• [Exercise requirements] Your task is to write out exactly the lines from the line containing "this 1500×1000 image." through the end of the records, inclusive at both ends.
** Opening Records supplied block **
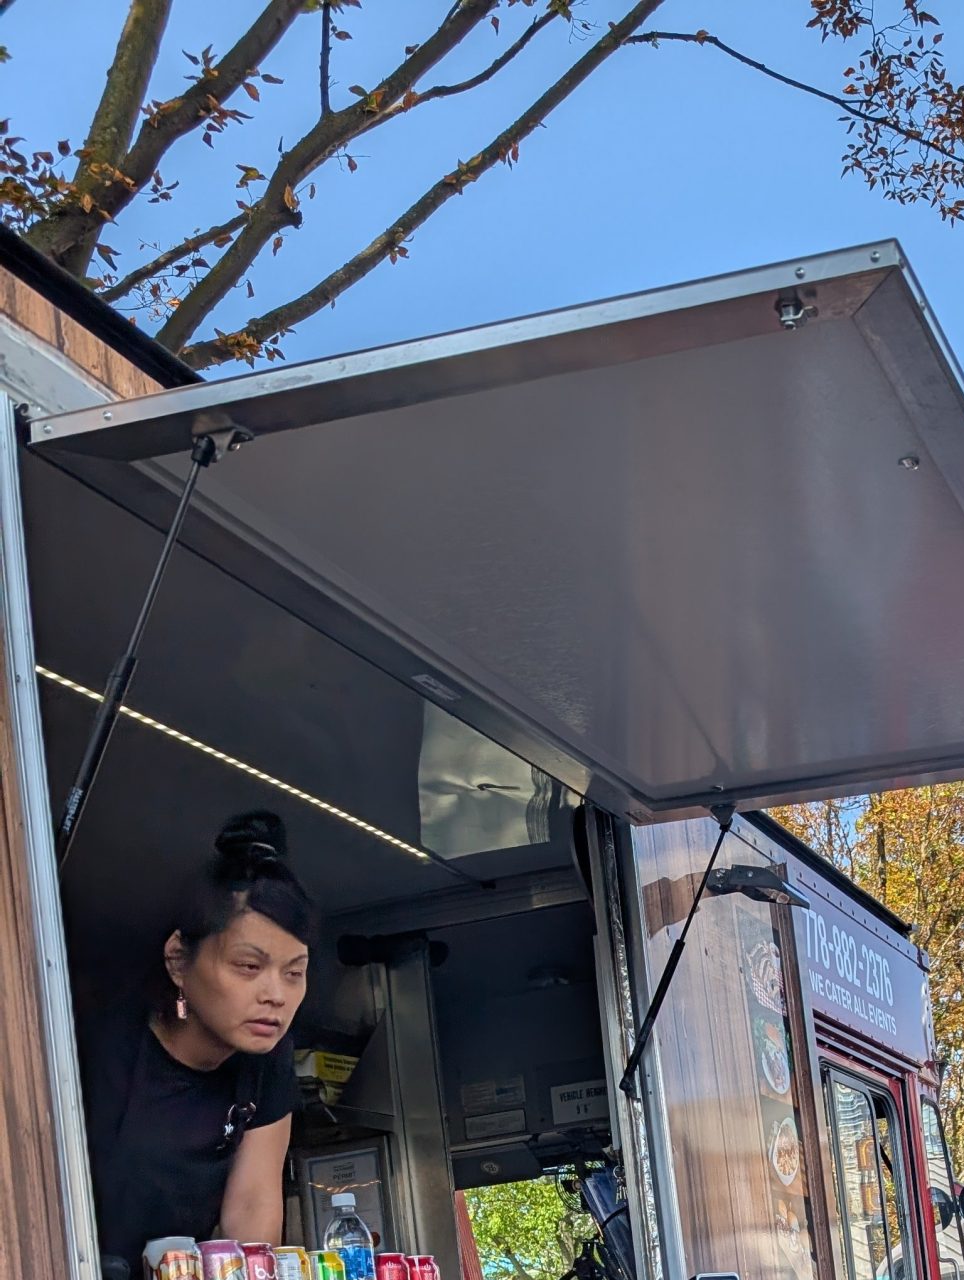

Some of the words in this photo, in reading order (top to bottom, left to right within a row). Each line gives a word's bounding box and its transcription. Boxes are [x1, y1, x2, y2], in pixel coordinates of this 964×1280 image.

[802, 909, 893, 1006] 778-882-2376
[808, 968, 824, 997] WE
[825, 979, 852, 1013] CATER
[854, 995, 868, 1020] ALL
[868, 1003, 897, 1036] EVENTS
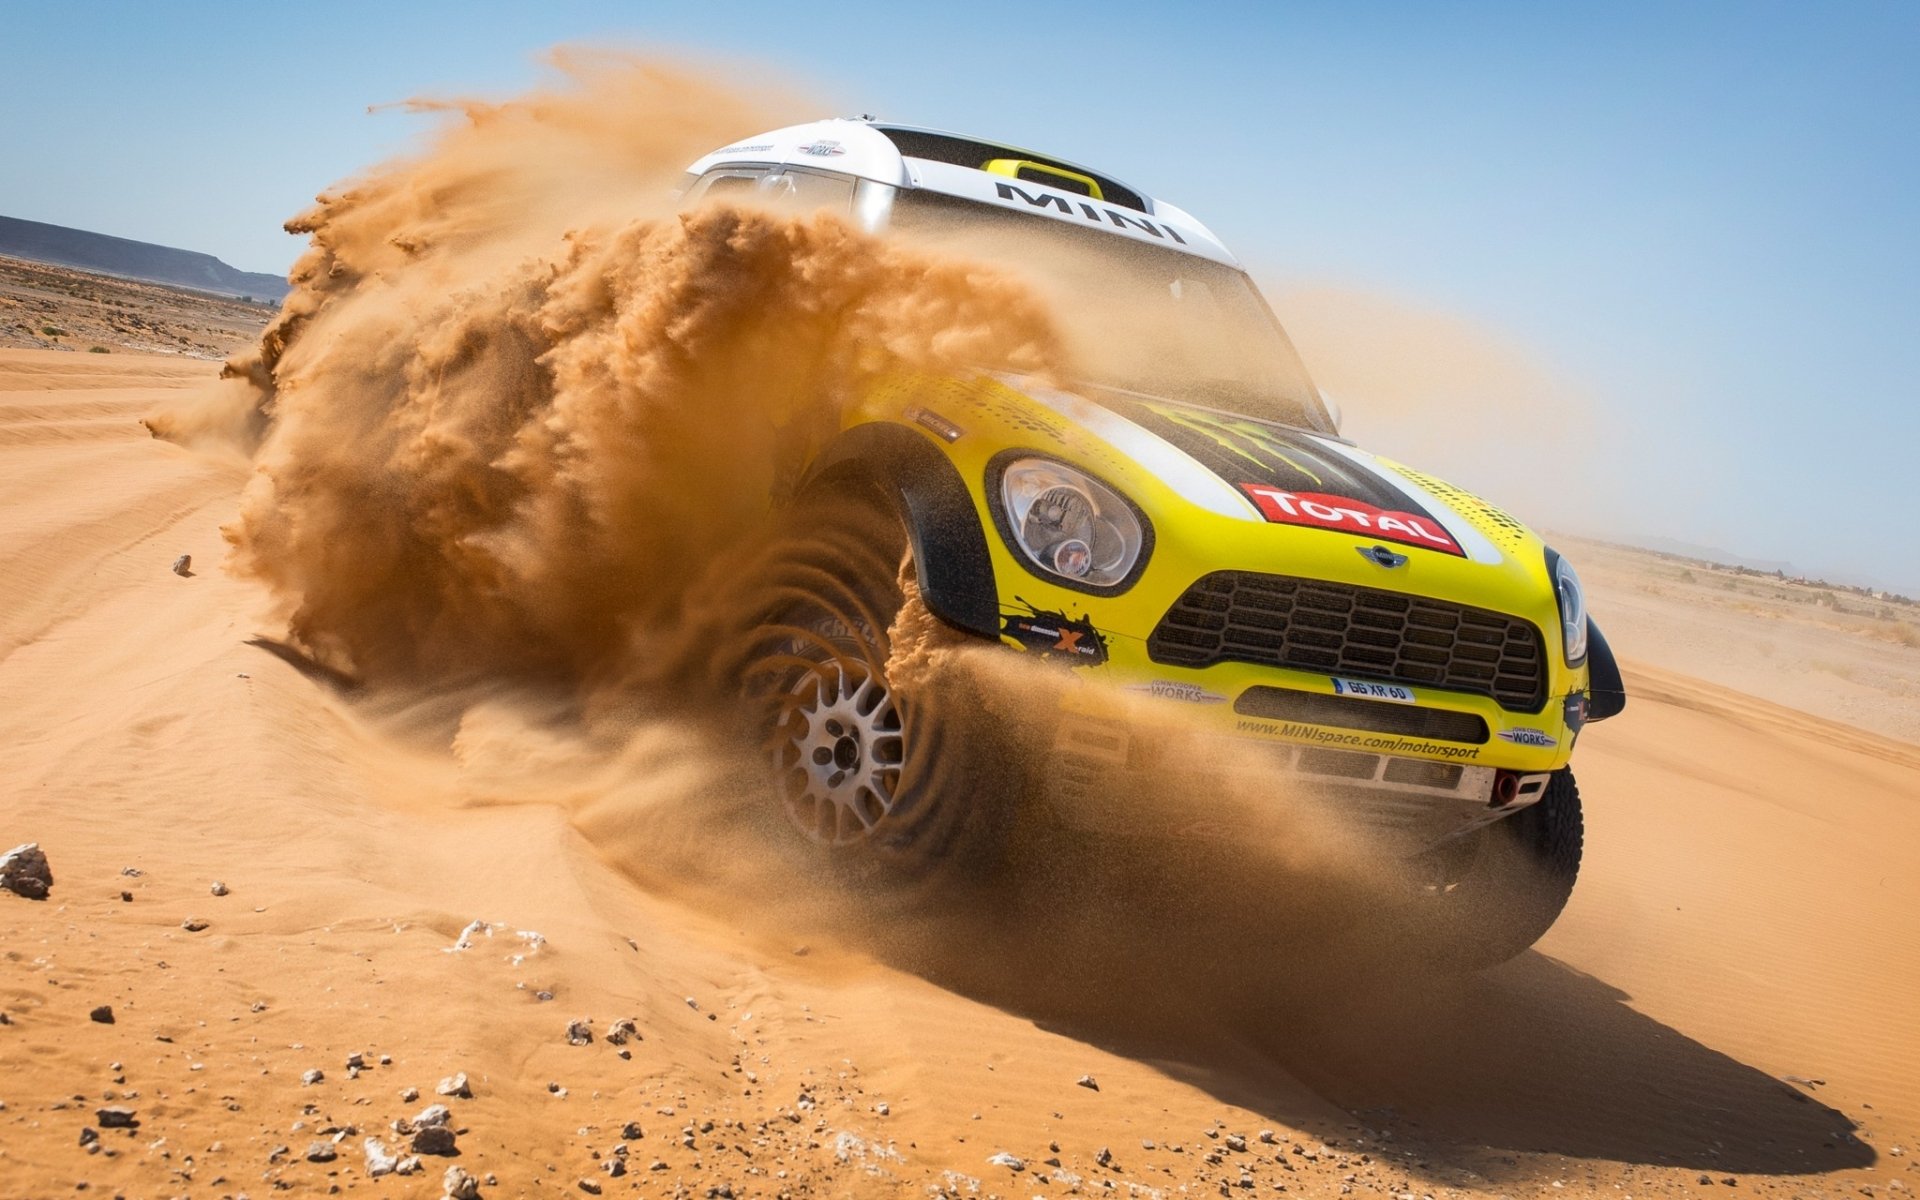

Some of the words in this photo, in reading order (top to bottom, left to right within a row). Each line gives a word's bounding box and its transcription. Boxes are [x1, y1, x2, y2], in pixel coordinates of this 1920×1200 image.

[995, 182, 1187, 245] MINI
[1253, 489, 1451, 545] TOTAL
[1151, 686, 1202, 702] WORKS
[1348, 682, 1368, 694] GG
[1369, 684, 1388, 697] XR
[1389, 687, 1407, 699] 60
[1236, 720, 1480, 760] www.MINIspace.com/motorsport
[1512, 732, 1546, 746] WORKS
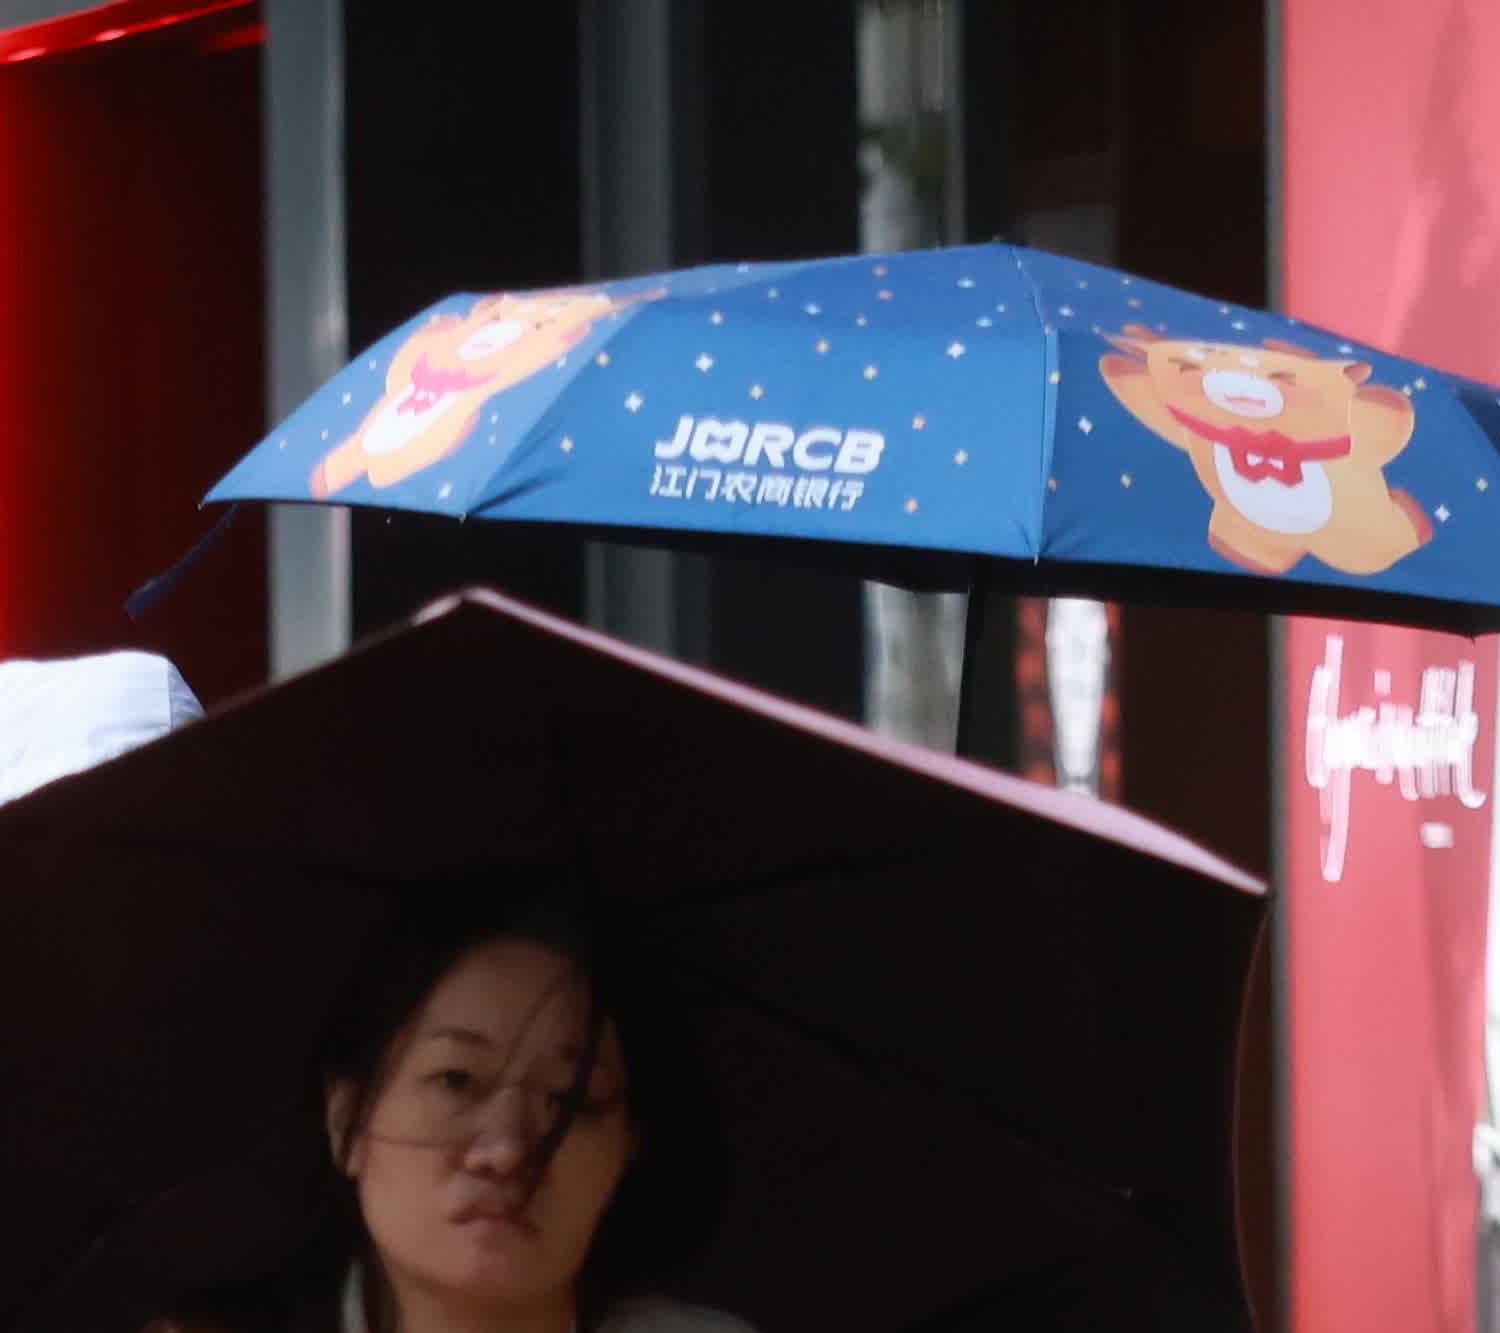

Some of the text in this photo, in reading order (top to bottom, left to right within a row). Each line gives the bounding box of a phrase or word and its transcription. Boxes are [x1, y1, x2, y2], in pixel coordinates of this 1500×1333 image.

[648, 463, 866, 511] 江门农商银行
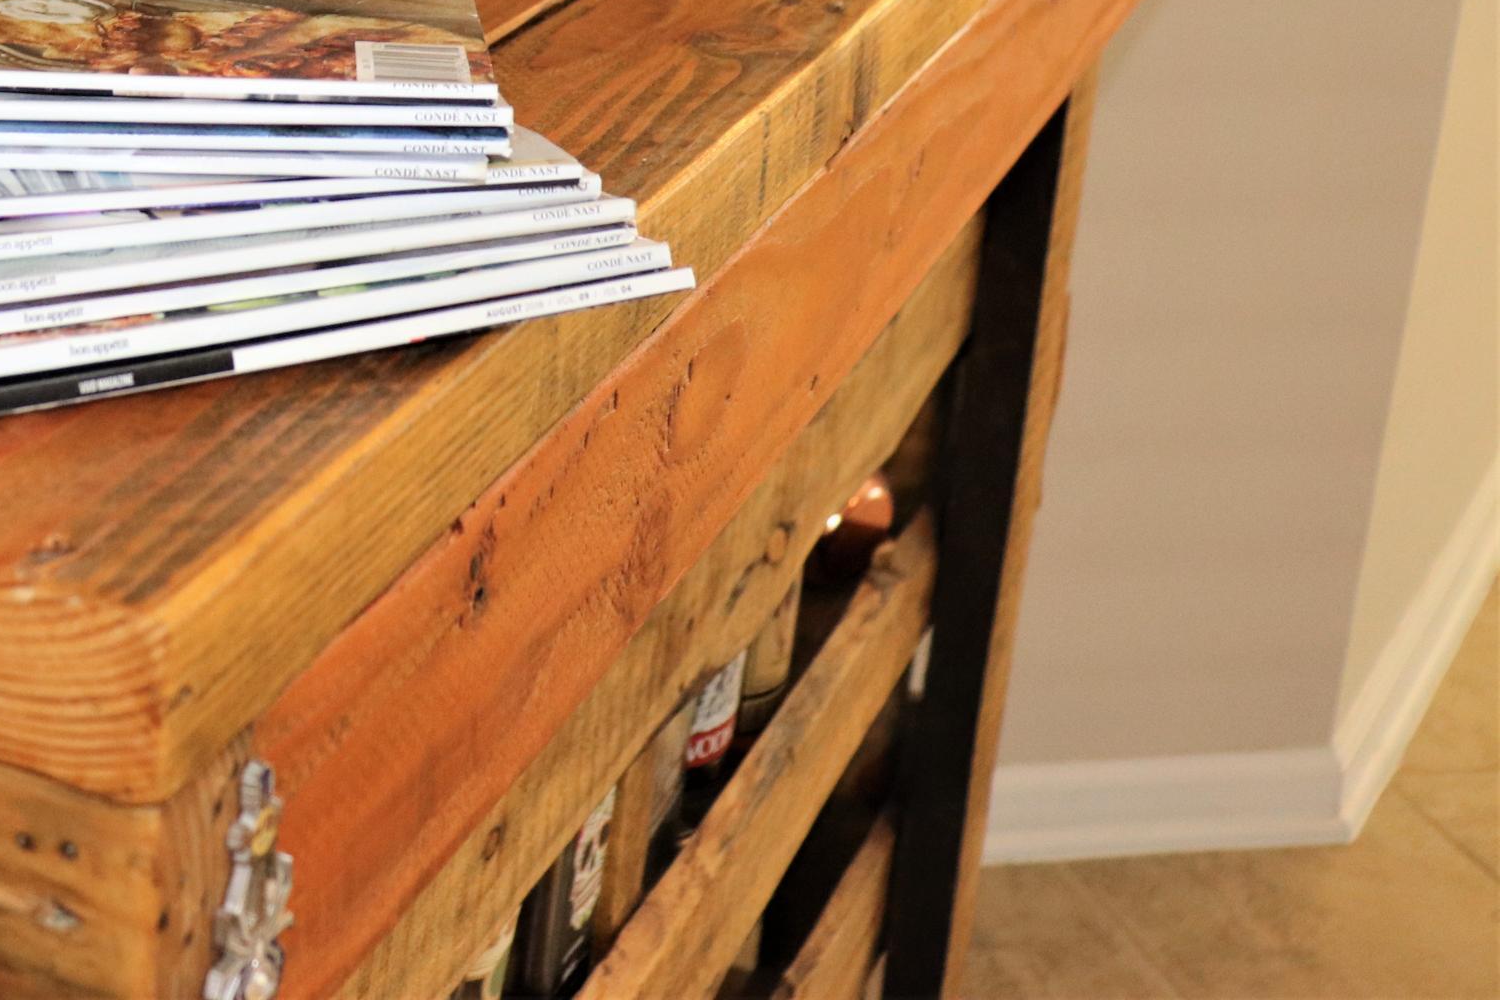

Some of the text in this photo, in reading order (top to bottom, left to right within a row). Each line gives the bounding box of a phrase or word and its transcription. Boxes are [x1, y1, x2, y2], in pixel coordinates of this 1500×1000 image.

[463, 111, 499, 123] NAST
[453, 144, 487, 154] NAST
[423, 168, 459, 180] NAST
[529, 165, 560, 176] NAST
[573, 204, 602, 216] NAST
[594, 234, 622, 246] NAST
[625, 252, 653, 265] NAST
** Closing Records supplied block **
• [Completed exercise]
Some of the text in this photo, in reading order (top to bottom, left to right within a row). Each line gives the bounding box of a phrase or word and its transcription. Boxes are [x1, y1, x2, y2], in pixel coordinates of this 1500×1000 image.

[463, 111, 499, 123] NAST
[453, 144, 487, 154] NAST
[423, 168, 459, 180] NAST
[529, 165, 560, 176] NAST
[573, 204, 602, 216] NAST
[594, 234, 622, 246] NAST
[625, 252, 653, 265] NAST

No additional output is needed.